Functional requirements
- Add a TOTP account (scan QR code or manual entry)
- Display 6-digit codes that rotate every 30 seconds
- Sync across user’s devices (optional but increasingly expected)
- Recovery from lost device
- Backup to cloud (encrypted)
How TOTP works
Time-based One-Time Password (RFC 6238). Each account has a shared secret with the service. The code is HMAC(secret, current_time / 30) truncated to 6 digits.
Both the server and the client must agree on the time. Most clients allow ±1 step (30 seconds) of clock skew. Cleanly synchronizing time is the primary correctness concern.
Storage
The shared secret is the most sensitive thing in the app. It must be stored securely:
- iOS: Keychain with kSecAttrAccessibleWhenUnlockedThisDeviceOnly
- Android: Keystore-backed encryption, EncryptedSharedPreferences
Never log the secret. Never let it leave the secure store.
Adding accounts
Most accounts are added via QR code. The QR encodes an otpauth URI:
otpauth://totp/Issuer:user@example.com?secret=ABC...&issuer=Issuer
Manual entry is the fallback. The app displays a confirmation code from the secret to verify the user enrolled correctly.
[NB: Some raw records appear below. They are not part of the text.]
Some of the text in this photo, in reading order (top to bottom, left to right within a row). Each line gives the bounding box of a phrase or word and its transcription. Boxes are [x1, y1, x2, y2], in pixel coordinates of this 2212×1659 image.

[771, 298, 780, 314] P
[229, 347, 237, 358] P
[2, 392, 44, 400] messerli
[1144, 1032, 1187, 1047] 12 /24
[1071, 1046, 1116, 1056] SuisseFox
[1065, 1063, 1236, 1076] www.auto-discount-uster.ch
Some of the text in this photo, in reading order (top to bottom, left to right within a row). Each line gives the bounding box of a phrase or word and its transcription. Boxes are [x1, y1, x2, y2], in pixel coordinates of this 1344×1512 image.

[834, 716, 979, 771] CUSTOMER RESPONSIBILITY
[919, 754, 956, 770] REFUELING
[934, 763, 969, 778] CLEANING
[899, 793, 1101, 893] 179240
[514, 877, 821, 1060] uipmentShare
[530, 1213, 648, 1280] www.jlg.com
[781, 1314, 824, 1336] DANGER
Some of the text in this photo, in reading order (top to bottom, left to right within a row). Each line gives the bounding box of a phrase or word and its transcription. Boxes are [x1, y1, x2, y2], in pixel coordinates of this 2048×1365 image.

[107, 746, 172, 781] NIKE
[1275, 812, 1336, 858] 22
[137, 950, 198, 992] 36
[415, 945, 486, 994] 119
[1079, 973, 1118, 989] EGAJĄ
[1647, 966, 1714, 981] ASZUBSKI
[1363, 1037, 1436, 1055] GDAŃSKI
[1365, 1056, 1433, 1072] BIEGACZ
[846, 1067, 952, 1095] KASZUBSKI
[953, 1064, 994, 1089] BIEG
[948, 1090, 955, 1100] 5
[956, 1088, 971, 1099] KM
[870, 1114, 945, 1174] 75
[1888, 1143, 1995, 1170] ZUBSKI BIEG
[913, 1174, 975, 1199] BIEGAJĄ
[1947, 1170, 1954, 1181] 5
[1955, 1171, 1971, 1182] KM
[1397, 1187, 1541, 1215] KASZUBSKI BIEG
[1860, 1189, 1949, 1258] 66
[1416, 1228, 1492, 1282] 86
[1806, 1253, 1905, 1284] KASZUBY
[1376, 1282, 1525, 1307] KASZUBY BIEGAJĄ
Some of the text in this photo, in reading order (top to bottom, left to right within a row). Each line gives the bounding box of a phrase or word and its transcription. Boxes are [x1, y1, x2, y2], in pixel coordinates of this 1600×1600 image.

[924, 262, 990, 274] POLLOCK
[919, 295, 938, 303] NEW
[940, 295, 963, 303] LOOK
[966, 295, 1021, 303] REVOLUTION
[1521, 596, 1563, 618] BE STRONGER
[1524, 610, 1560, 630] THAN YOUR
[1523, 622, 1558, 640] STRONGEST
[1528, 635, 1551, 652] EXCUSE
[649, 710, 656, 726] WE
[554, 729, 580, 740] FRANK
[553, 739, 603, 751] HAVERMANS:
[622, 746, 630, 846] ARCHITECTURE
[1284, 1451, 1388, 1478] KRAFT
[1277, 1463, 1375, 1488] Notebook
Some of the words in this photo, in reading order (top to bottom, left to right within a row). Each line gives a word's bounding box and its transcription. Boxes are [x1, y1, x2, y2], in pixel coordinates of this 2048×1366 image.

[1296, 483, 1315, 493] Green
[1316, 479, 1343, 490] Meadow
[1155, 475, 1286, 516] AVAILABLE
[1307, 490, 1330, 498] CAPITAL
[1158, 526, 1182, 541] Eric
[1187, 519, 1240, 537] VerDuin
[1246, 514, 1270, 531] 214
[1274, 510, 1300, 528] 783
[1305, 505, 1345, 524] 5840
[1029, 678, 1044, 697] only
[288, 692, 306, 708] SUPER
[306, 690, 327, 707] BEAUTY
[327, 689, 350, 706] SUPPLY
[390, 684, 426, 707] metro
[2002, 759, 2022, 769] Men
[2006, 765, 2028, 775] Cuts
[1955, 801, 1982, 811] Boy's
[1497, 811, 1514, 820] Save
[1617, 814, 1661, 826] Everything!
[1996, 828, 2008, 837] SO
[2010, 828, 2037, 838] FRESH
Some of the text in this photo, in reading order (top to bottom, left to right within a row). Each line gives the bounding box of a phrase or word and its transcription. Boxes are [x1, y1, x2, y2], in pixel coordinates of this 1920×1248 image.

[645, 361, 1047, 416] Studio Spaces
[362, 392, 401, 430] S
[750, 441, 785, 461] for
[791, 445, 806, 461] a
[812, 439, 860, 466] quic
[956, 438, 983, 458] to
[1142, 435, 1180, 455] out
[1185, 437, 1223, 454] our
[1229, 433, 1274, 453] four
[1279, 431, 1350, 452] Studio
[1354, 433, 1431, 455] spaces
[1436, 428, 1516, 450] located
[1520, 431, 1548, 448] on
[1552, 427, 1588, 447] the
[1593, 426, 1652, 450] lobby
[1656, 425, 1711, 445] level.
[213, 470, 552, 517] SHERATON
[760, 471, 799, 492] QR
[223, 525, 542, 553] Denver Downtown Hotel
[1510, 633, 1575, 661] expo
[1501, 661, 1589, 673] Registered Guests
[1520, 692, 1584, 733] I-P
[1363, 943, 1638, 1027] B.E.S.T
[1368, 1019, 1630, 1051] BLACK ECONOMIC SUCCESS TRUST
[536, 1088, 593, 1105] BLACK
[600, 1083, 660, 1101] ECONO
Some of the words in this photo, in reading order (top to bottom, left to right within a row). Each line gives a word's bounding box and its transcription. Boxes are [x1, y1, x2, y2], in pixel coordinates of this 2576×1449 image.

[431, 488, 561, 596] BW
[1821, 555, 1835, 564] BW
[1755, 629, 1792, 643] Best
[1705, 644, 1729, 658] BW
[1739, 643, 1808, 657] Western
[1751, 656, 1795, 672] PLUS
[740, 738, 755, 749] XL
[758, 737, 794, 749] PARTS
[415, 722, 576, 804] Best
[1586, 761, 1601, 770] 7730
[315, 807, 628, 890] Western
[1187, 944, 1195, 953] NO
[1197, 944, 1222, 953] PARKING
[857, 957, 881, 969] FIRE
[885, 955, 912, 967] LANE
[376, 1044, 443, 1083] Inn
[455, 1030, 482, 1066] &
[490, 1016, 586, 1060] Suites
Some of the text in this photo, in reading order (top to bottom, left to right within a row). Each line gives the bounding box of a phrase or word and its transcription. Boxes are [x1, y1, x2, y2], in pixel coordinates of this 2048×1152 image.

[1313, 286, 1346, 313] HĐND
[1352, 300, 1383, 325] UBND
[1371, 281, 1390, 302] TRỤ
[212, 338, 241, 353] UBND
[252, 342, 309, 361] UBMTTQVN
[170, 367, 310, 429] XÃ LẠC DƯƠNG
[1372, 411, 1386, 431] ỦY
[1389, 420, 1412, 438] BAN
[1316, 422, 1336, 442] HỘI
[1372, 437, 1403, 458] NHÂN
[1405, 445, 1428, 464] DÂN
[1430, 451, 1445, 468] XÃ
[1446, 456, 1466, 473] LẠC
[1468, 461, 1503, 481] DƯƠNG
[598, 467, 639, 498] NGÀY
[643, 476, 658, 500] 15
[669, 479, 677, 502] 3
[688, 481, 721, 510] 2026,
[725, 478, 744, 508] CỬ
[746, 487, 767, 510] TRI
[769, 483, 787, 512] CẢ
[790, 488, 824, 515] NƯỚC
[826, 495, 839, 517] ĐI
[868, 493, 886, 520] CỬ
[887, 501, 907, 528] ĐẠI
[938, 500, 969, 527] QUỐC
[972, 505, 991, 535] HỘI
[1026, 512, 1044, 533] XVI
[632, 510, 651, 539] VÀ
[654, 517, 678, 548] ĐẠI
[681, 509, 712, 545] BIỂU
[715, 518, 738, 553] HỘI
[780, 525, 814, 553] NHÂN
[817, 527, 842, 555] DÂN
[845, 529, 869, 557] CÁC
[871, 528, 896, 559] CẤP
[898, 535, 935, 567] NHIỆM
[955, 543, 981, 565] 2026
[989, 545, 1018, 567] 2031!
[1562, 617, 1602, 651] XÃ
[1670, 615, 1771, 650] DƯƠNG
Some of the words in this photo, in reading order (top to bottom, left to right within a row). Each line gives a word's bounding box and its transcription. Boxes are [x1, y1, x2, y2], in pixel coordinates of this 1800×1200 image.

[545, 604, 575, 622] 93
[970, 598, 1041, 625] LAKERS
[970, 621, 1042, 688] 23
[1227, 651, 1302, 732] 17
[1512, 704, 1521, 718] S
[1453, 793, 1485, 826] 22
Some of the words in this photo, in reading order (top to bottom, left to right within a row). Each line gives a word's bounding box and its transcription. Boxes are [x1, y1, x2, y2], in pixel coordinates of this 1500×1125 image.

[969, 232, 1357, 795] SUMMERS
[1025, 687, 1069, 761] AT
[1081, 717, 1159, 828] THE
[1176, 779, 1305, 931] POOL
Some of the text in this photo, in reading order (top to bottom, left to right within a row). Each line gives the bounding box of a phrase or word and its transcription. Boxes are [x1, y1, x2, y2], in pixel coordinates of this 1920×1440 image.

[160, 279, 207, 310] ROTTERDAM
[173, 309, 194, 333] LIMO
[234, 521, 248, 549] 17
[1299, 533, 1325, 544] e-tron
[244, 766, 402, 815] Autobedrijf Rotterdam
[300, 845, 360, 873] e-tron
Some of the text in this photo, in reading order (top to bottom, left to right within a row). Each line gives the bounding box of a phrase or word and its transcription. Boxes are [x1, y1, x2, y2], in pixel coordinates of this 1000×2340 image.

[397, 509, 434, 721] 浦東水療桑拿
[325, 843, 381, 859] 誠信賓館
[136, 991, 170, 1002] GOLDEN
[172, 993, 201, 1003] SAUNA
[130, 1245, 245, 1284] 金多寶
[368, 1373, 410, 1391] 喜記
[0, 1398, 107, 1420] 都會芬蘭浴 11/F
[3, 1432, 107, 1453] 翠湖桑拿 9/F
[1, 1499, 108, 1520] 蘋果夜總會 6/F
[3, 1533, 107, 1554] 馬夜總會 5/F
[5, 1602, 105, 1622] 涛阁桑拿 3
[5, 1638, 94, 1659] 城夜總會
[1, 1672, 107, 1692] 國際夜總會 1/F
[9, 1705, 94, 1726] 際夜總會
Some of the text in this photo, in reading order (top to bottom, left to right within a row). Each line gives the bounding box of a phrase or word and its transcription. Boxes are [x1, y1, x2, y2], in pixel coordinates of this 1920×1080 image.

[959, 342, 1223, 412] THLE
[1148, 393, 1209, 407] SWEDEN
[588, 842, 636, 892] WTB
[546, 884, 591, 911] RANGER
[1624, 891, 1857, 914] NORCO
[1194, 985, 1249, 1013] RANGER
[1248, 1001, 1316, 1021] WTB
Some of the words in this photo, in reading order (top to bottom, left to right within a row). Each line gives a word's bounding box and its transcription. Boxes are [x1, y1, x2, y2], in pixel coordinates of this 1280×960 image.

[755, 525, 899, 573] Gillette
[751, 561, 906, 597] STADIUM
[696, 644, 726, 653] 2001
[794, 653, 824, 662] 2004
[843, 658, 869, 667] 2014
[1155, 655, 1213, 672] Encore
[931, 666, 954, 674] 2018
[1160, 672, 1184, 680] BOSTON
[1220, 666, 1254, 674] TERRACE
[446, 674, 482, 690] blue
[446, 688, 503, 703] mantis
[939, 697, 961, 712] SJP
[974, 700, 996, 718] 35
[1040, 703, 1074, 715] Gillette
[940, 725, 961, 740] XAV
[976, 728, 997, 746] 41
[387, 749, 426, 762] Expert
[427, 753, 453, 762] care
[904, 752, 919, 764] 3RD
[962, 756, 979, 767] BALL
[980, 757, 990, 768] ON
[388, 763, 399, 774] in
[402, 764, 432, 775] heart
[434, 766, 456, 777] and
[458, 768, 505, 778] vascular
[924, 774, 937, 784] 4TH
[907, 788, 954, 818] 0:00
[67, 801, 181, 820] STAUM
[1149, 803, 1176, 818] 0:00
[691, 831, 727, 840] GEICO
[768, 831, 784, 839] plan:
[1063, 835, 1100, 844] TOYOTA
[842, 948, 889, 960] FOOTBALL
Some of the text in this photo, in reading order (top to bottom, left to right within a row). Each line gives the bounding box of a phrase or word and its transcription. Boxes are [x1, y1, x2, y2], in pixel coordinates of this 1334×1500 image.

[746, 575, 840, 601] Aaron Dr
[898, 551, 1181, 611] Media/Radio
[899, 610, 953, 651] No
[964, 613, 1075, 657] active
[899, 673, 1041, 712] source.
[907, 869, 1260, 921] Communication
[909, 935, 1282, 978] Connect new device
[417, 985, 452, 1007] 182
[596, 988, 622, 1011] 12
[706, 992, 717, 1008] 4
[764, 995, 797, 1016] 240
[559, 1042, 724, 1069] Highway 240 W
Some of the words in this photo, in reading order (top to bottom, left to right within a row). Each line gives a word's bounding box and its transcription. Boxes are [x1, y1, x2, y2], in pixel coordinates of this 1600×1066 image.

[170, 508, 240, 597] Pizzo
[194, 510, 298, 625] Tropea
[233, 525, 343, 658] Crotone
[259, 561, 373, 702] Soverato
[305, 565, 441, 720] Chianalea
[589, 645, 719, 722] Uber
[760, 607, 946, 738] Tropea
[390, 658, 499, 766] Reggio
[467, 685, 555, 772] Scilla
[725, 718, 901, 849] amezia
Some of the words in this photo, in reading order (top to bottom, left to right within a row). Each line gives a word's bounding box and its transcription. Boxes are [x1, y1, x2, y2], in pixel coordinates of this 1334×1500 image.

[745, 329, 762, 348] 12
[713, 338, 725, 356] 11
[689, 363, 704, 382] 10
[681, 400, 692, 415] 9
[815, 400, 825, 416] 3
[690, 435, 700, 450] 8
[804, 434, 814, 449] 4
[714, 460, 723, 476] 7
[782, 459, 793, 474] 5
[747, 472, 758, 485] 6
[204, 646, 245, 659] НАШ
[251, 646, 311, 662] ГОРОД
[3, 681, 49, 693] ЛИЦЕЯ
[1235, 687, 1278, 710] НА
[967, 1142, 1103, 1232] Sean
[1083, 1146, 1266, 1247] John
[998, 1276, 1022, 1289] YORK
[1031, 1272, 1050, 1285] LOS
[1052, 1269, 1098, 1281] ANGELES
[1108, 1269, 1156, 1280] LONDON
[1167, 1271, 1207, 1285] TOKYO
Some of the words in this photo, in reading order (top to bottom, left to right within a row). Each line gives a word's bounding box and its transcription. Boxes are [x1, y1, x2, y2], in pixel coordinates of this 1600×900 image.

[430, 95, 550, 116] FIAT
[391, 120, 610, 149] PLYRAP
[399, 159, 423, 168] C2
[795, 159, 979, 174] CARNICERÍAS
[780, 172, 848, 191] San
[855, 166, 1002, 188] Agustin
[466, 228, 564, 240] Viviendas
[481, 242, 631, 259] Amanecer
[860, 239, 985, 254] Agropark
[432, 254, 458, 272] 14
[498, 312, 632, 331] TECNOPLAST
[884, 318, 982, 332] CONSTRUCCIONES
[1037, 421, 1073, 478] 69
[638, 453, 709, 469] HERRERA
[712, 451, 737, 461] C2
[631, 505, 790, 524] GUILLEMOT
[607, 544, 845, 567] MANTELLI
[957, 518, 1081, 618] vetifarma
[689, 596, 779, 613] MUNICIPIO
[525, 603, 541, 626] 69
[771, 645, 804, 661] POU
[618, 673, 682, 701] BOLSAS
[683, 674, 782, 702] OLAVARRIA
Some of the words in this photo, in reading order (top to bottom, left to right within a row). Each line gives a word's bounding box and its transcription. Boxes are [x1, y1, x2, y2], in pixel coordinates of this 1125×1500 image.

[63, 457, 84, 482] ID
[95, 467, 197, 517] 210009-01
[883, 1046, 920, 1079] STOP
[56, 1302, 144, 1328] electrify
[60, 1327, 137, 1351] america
Sync across devices (the hard problem)
Single-device authenticators (Google Authenticator pre-2023) are simpler: lose the phone, lose access. Multi-device authenticators (Authy, 1Password, modern Google Authenticator) sync secrets across the user’s devices.
Sync is much harder because:
- Secrets must remain encrypted at rest in the cloud
- The cloud should not be able to decrypt them — end-to-end encryption is mandatory
- Recovery requires a recovery passphrase or trusted device
Implementation:
- Each device has a master encryption key derived from a user passphrase (PBKDF2/Argon2)
- Secrets are encrypted with this key before upload
- The cloud stores ciphertext only
- New devices are added by entering the same passphrase + device verification
Recovery
Three recovery modes:
- Backup phrase: the user records a 24-word seed phrase. Lose the phrase, lose access.
- Cloud backup with master password: need the password to restore.
- Trusted device: add new device by approving from existing device.
None are perfect. Make recovery options clear during onboarding.
Push-based 2FA
Some authenticators support push approval (Duo, Microsoft Authenticator). Server pushes “Approve login from X?”; user taps Approve in the app.
Implementation: app registers with push notification provider. Server pushes a payload containing the request. App verifies a signature from the server before showing the prompt.
Frequently Asked Questions
What if the user’s clock is wrong?
Codes will not match. Some apps fetch NTP time as a fallback. Most rely on the device clock and require the user to fix it.
Should I let users export their secrets?
For migration purposes, yes — but with explicit warnings. Google Authenticator added export-via-QR in 2020 because losing access to all your accounts was a known problem.
How do you prevent someone with my unlocked phone from seeing my codes?
App-level lock (separate PIN/biometric within the authenticator app). Most authenticators offer this as opt-in. Defense in depth — your phone’s lock should be the main barrier.